### [Given records]
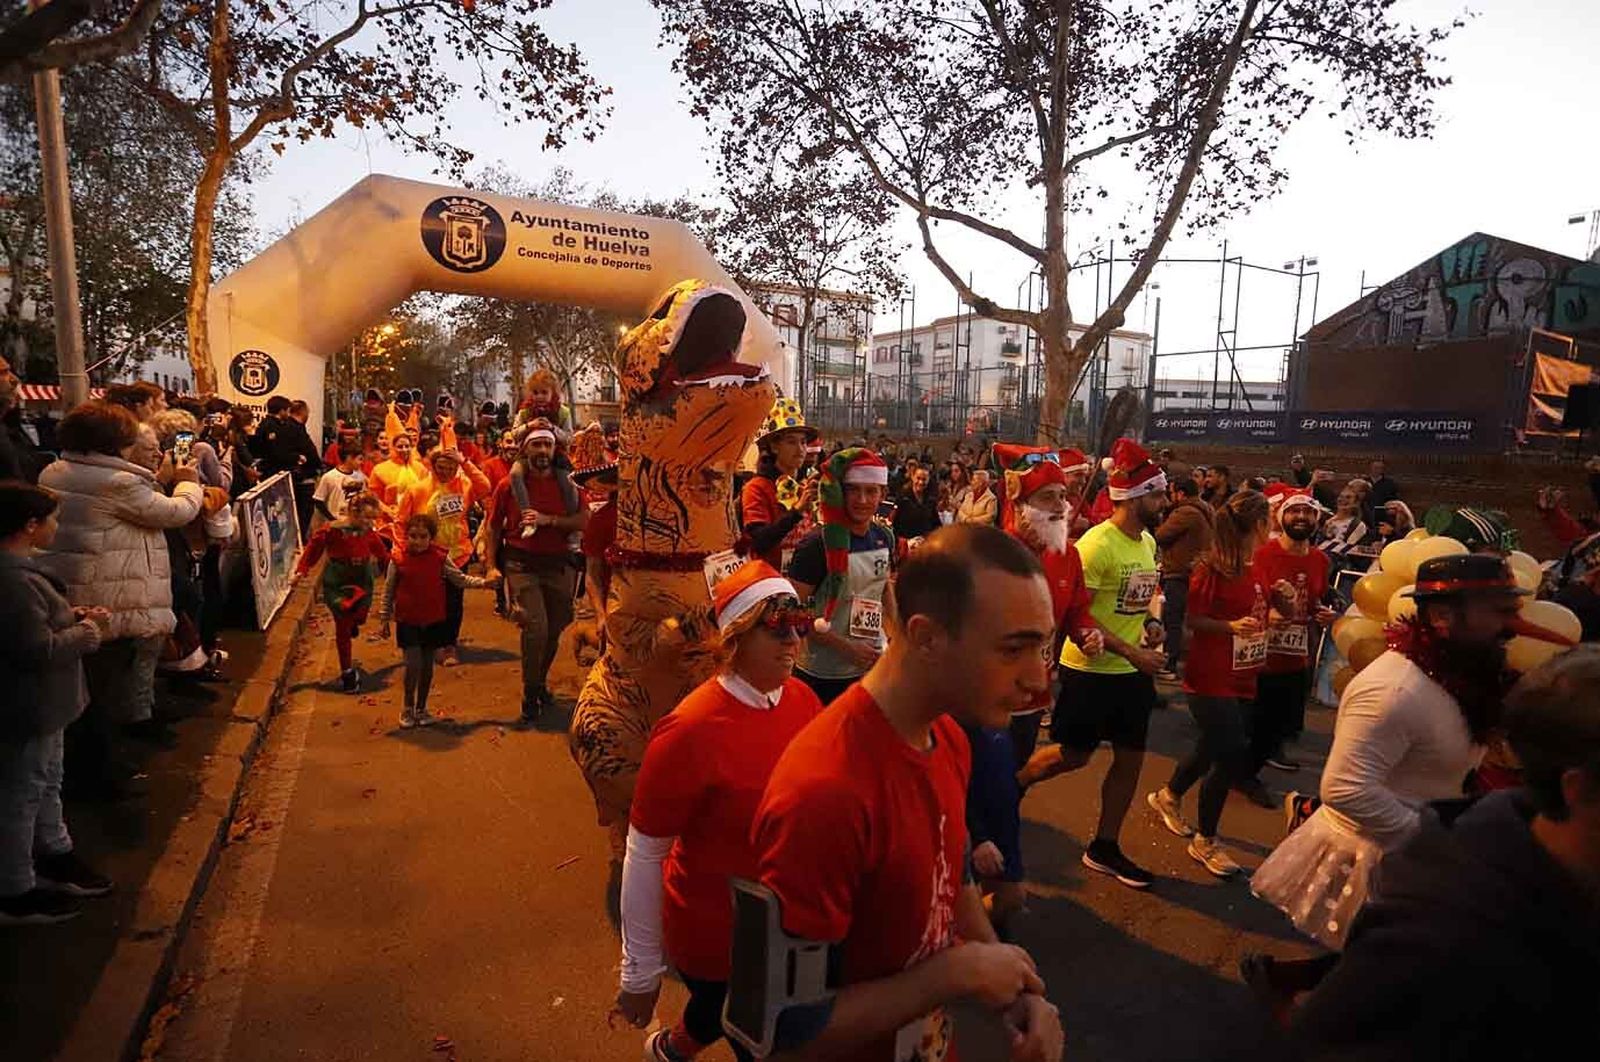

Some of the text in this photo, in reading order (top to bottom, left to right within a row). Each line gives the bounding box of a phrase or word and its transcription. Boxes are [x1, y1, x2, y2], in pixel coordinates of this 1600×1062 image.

[510, 210, 650, 240] Ayuntamiento
[552, 231, 650, 257] de Huelva
[583, 255, 599, 265] de
[601, 256, 652, 271] Deportes
[1170, 420, 1207, 428] HYUNDAI
[1233, 419, 1276, 428] HYUNDAI
[1319, 420, 1371, 430] HYUNDAI
[1409, 420, 1472, 431] HYUNDAI
[864, 611, 880, 628] 388
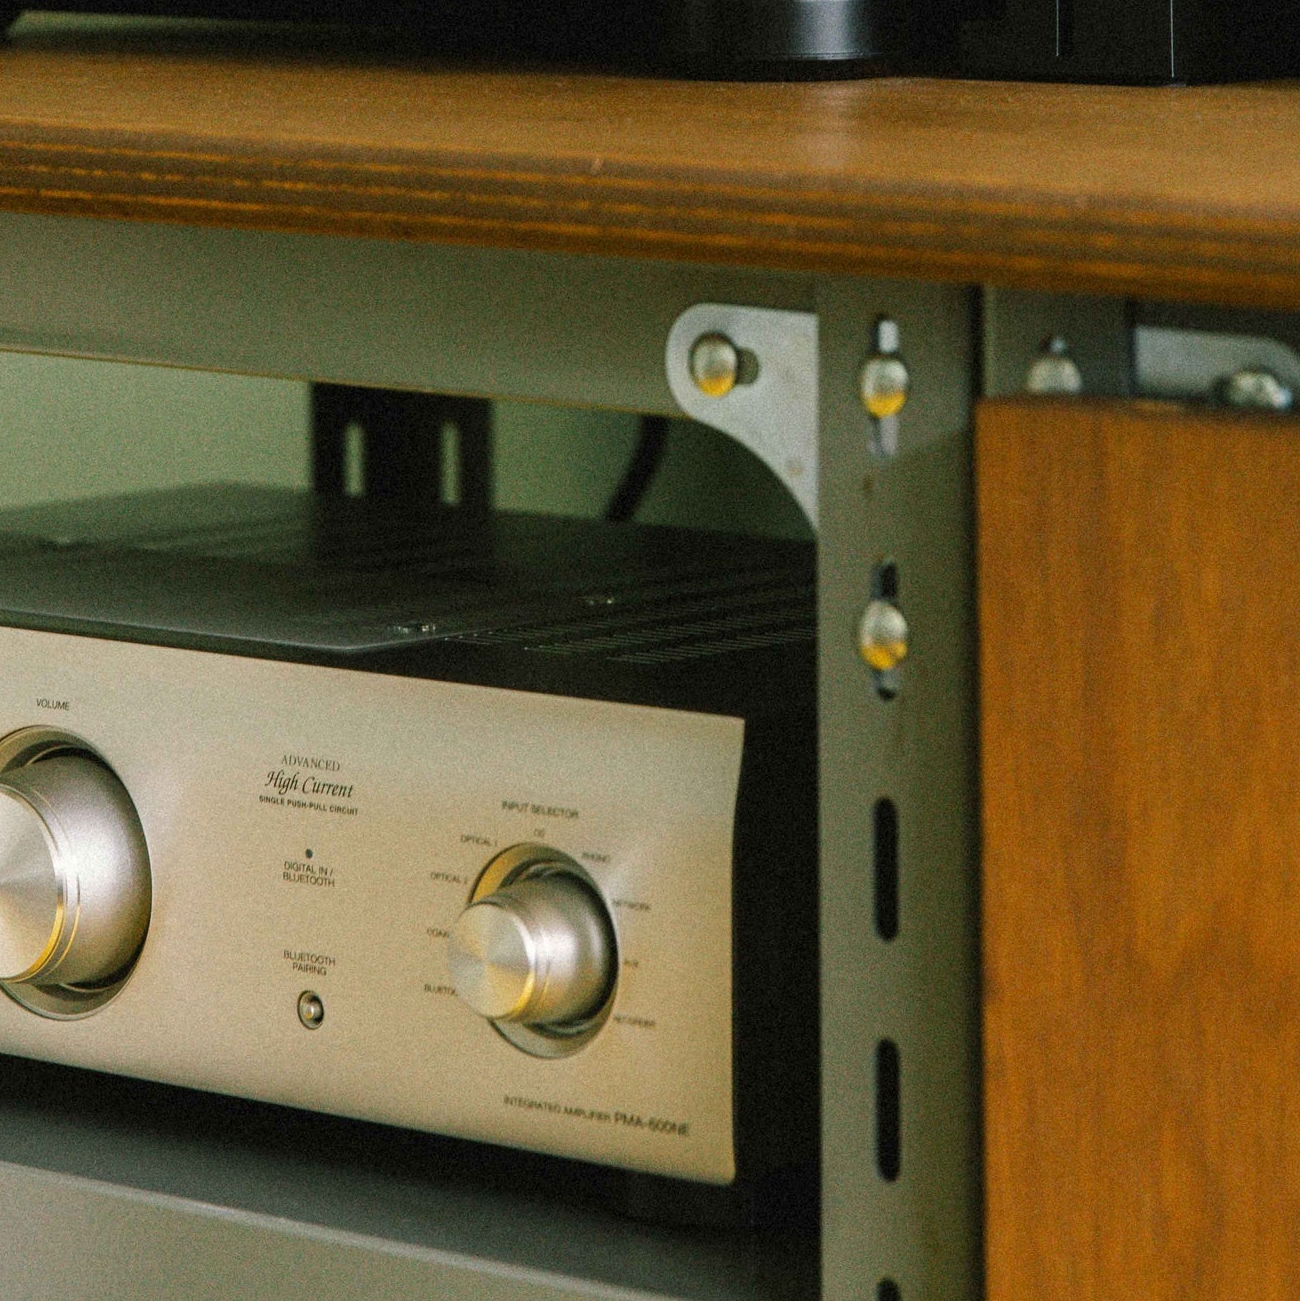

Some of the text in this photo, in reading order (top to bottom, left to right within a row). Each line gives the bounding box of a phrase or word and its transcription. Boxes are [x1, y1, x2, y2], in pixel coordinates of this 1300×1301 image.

[36, 698, 70, 711] VOLUME
[281, 754, 341, 772] ADVANCED
[264, 769, 354, 798] High Current
[259, 795, 359, 816] SINGLE PUSH-PULL CIRCUIT
[283, 860, 316, 875] DIGITAL
[282, 870, 335, 888] BLUETOOTH
[283, 949, 336, 967] BLUETOOTH
[292, 962, 327, 977] PAIRING
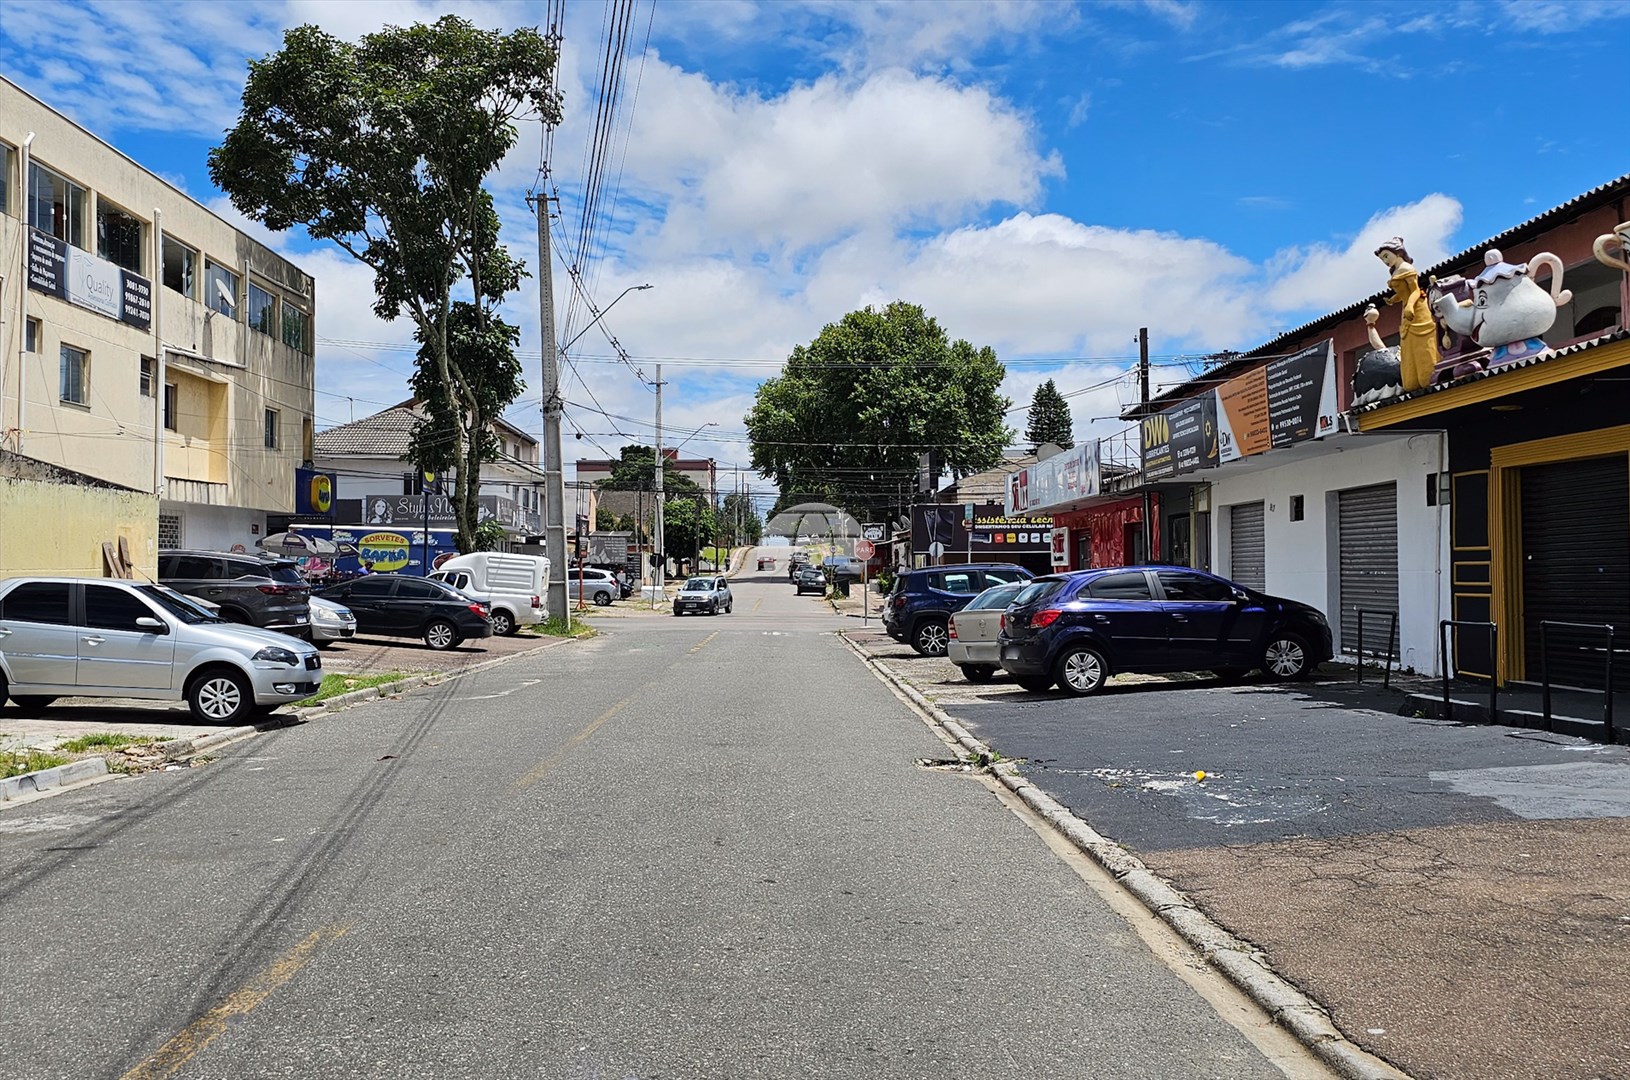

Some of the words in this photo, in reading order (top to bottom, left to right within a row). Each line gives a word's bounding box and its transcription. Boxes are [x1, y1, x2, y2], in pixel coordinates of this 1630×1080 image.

[86, 274, 114, 301] Quality
[1144, 414, 1163, 449] DW
[364, 533, 405, 545] SORVETES

### [Exercise objective]
Give again exactly the lines from the one holding "this 1300×1301 image." to the final line of the records, both ends included; any pictures stay out.

### [Result of this exercise]
Some of the text in this photo, in reading order (top to bottom, left to right within a row). Each line gives the bounding box of a phrase or word and its transcription. Boxes are [x1, y1, x2, y2], in pixel coordinates of this 1300×1301 image.

[36, 698, 70, 711] VOLUME
[281, 754, 341, 772] ADVANCED
[264, 769, 354, 798] High Current
[259, 795, 359, 816] SINGLE PUSH-PULL CIRCUIT
[283, 860, 316, 875] DIGITAL
[282, 870, 335, 888] BLUETOOTH
[283, 949, 336, 967] BLUETOOTH
[292, 962, 327, 977] PAIRING

Some of the words in this photo, in reading order (top to bottom, left to right within a row). Each line gives a word's bounding box and its transcription. Boxes are [x1, y1, x2, y2], in pixel coordinates of this 1630×1080 image.

[86, 274, 114, 301] Quality
[1144, 414, 1163, 449] DW
[364, 533, 405, 545] SORVETES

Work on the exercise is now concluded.